Этот человек взял чашку и выпил уже слегка остывший чай.

— Зачем мне нужны телохранители для того, чтобы просто посетить старшую школу?

— Это беспечно, если учесть, что они охраняют тебя даже тогда, когда ты идешь в туалет. Мне кажется, ты бы не смог взять их с собой, даже если бы захотел. Люди, стоящие за этой школой, не дали своего разрешения на это — вот что я думаю.

И если бы он не стал придерживаться правил, ему бы не разрешили явиться сюда.

— Тебе все еще не хватает доказательств.

— Далее, будь у тебя возможность заставить меня бросить школу, то ты бы сделал это, даже не досчитав до трех. Но ты поступил иначе и приложил все усилия, чтобы поговорить со мной лицом к лицу и убедить меня покинуть это место. Что-то здесь не так.

В случае с сыном Мацуо ему не нужно было встречаться с ним лично, он просто отдал приказ стоящим ниже — вот что я думаю.

— И есть еще кое-что. Если факт того, что ты явился на вражескую территорию, вроде этой школы, станет общеизвестным, то твои амбиции... твое возвращение навсегда останется лишь недосягаемой мечтой, не так ли?

— ... Это то, что Мацуо вложил в твою голову? Значит, даже после своей смерти он все еще докучает мне.

— Я бы не смог понять это только из его бормотания.

Во-первых, я не слышал от него никаких подробностей, но могу делать выводы самостоятельно. Этого человека нельзя остановить, действуя вполсилы, и Мацуо должен был это знать.

— Если не учитывать закрытие учреждения и влияние этого времени, я обнаружил еще одну проблему. Независимо от того, насколько совершенна дисциплина, такие периоды восстания и непослушания наступают у всех людей.

Само по себе 15-летнее образование не может победить гены в крови человека.

— Давай проясним, почему такой человек, как ты, сошёл с предназначенной ему дороги. Ты прекрасно понимаешь, что нет смысла изучать все эти ненужные вещи, так почему?

— Неутолимое любопытство, и желание самому решать свою судьбу. Это все.

— Чушь. У тебя не может быть другого жизненного пути, кроме того, что я запланировал для тебя. Ты тот, кто однажды превзойдет меня и будет править Японией. Почему ты не можешь понять это?

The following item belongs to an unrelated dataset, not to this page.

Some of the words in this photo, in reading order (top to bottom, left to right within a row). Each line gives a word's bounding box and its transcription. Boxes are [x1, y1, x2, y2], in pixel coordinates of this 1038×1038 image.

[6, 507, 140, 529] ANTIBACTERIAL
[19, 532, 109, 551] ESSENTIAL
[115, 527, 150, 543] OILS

— Это просто твоя собственная выдумка.

— Похоже, я не смогу пробить стену твоего упрямства.

— Полагаю, мы придерживаемся одного и того же мнения.

Независимо от того, насколько мы разные, в чем-то мы всегда похожи. Мы никогда не сможем пойти на компромисс в наших взглядах.

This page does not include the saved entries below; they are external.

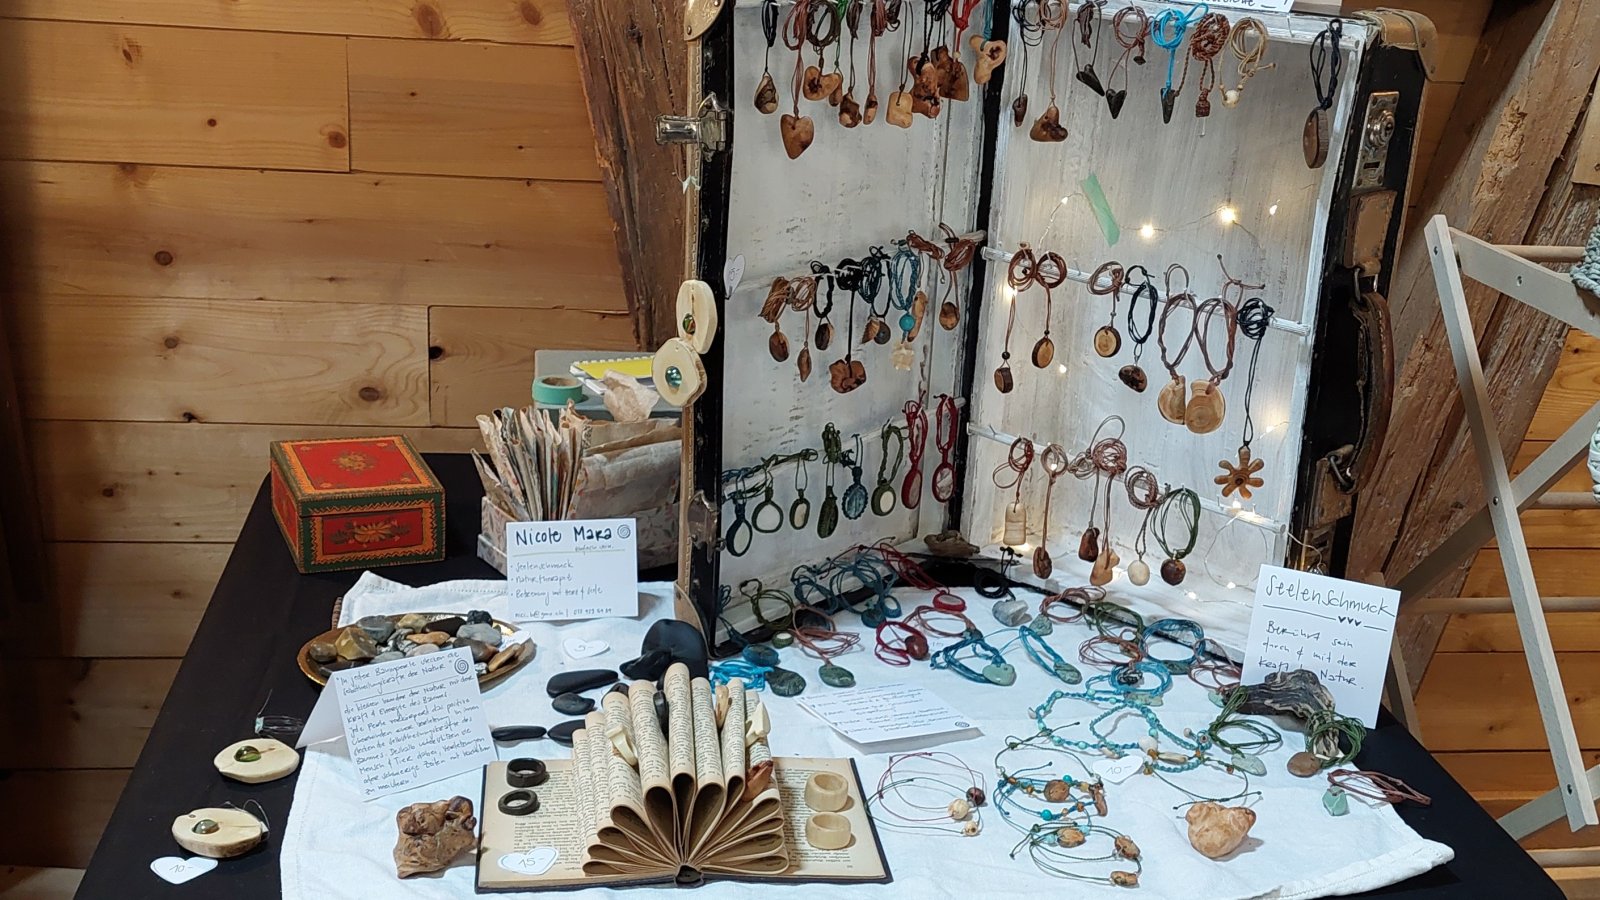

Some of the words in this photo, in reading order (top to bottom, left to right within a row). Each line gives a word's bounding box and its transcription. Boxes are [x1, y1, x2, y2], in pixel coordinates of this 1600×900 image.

[515, 527, 561, 546] Nicole
[1262, 637, 1290, 653] durch
[1313, 651, 1332, 664] mit
[1332, 638, 1354, 648] sein
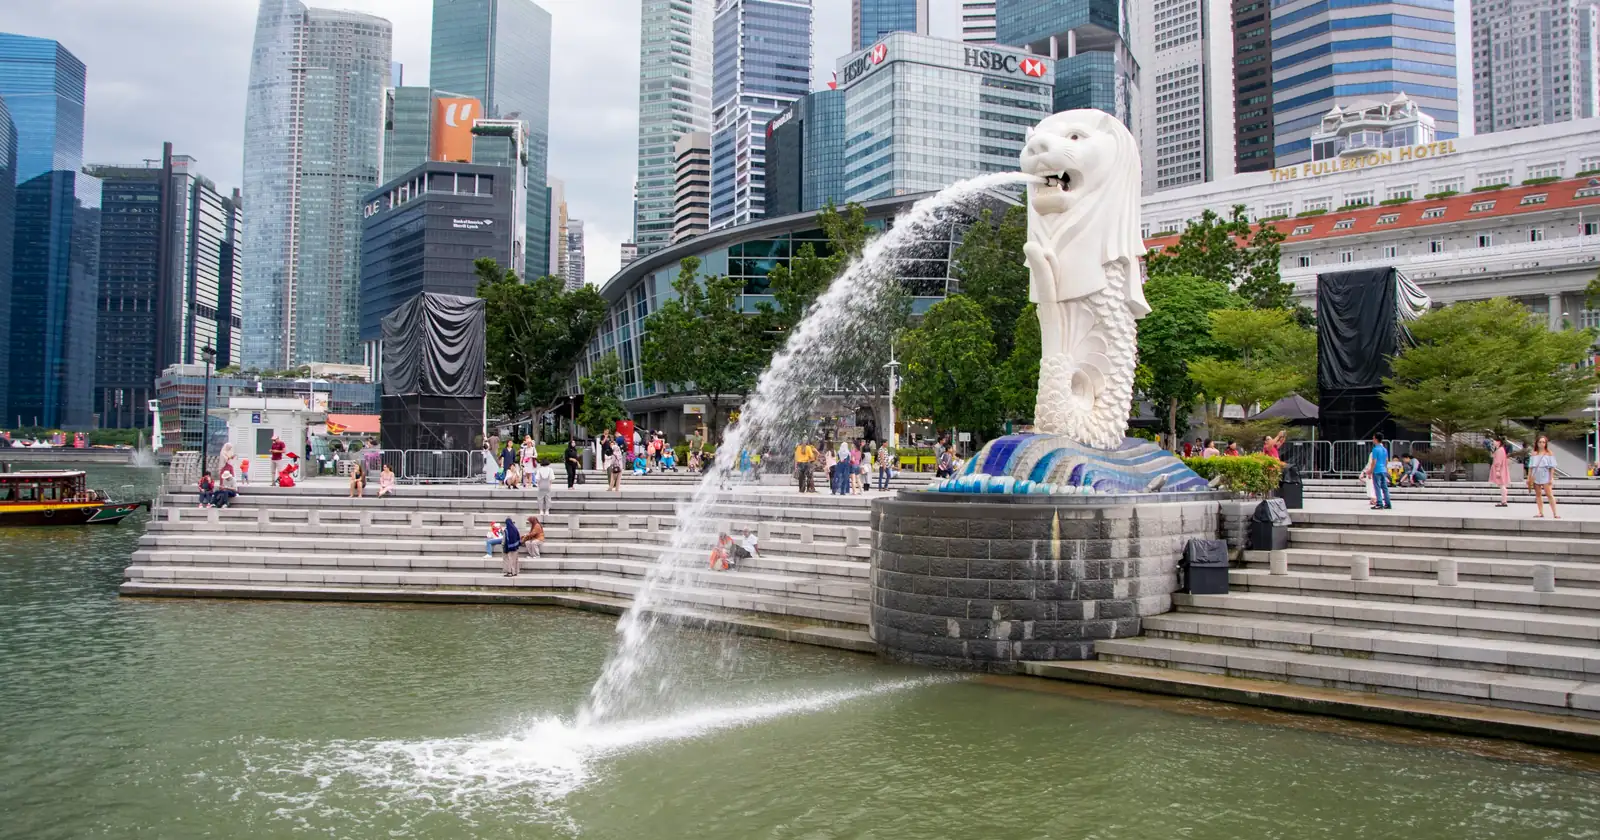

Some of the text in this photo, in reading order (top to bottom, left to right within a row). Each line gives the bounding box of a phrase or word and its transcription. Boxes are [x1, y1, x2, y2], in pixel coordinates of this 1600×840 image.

[844, 51, 871, 84] HSBC
[964, 47, 1018, 73] HSBC
[1269, 139, 1457, 182] THE FULLERTON HOTEL
[364, 200, 380, 218] OUE

— Белая комната была перезапущена. На этот раз все будет идеально. Я также сделал приготовления, чтобы наверстать упущенное время.

— В таком случае у тебя должно быть несколько преемников, которые преуспеют в выполнении твоей воли. Зачем возиться со мной?

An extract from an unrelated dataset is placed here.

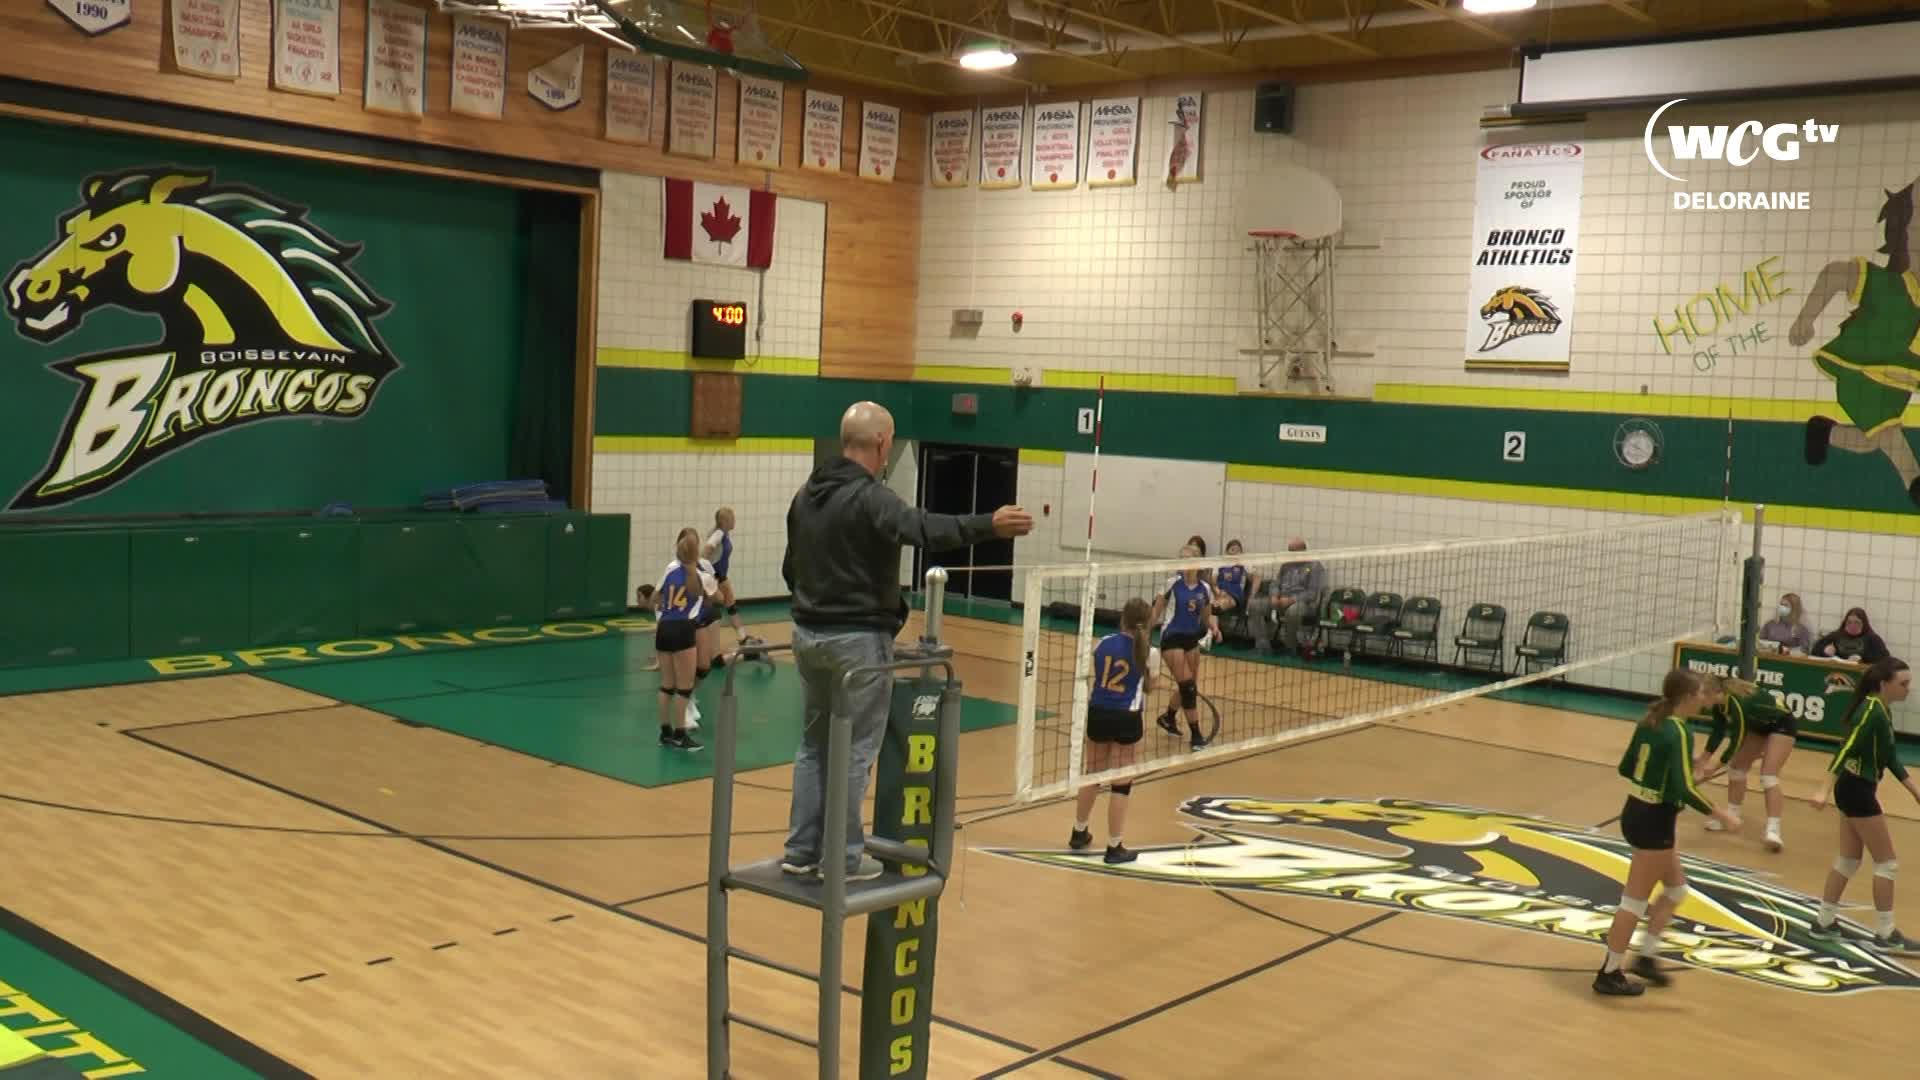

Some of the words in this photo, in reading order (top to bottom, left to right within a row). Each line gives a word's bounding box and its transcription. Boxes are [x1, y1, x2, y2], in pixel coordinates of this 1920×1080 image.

— Конечно, все так, как ты и говоришь, но ещё нет никого с таким же талантом, как у тебя.

— Ты не можешь солгать даже своему ребенку — это ты хочешь сказать?

— Ты думаешь, что такая никчемная ложь подействует на тебя?

Это правда.

— Это мои последние слова, Киётака. Тщательно всё обдумай, прежде чем ответить. Чего ты хочешь? Покинуть эту школу по собственному желанию или позволить твоему родителю силой заставить тебя уйти?

Кажется, он действительно, несмотря ни на что, хочет вернуть меня обратно. Я не знаю, что он предпримет ради этого, но нет никакого смысла и дальше слушать его.

— ... Я не собираюсь возвращаться.

Словно пробиваясь сквозь пелену тишины, я быстро дал ему свой ответ.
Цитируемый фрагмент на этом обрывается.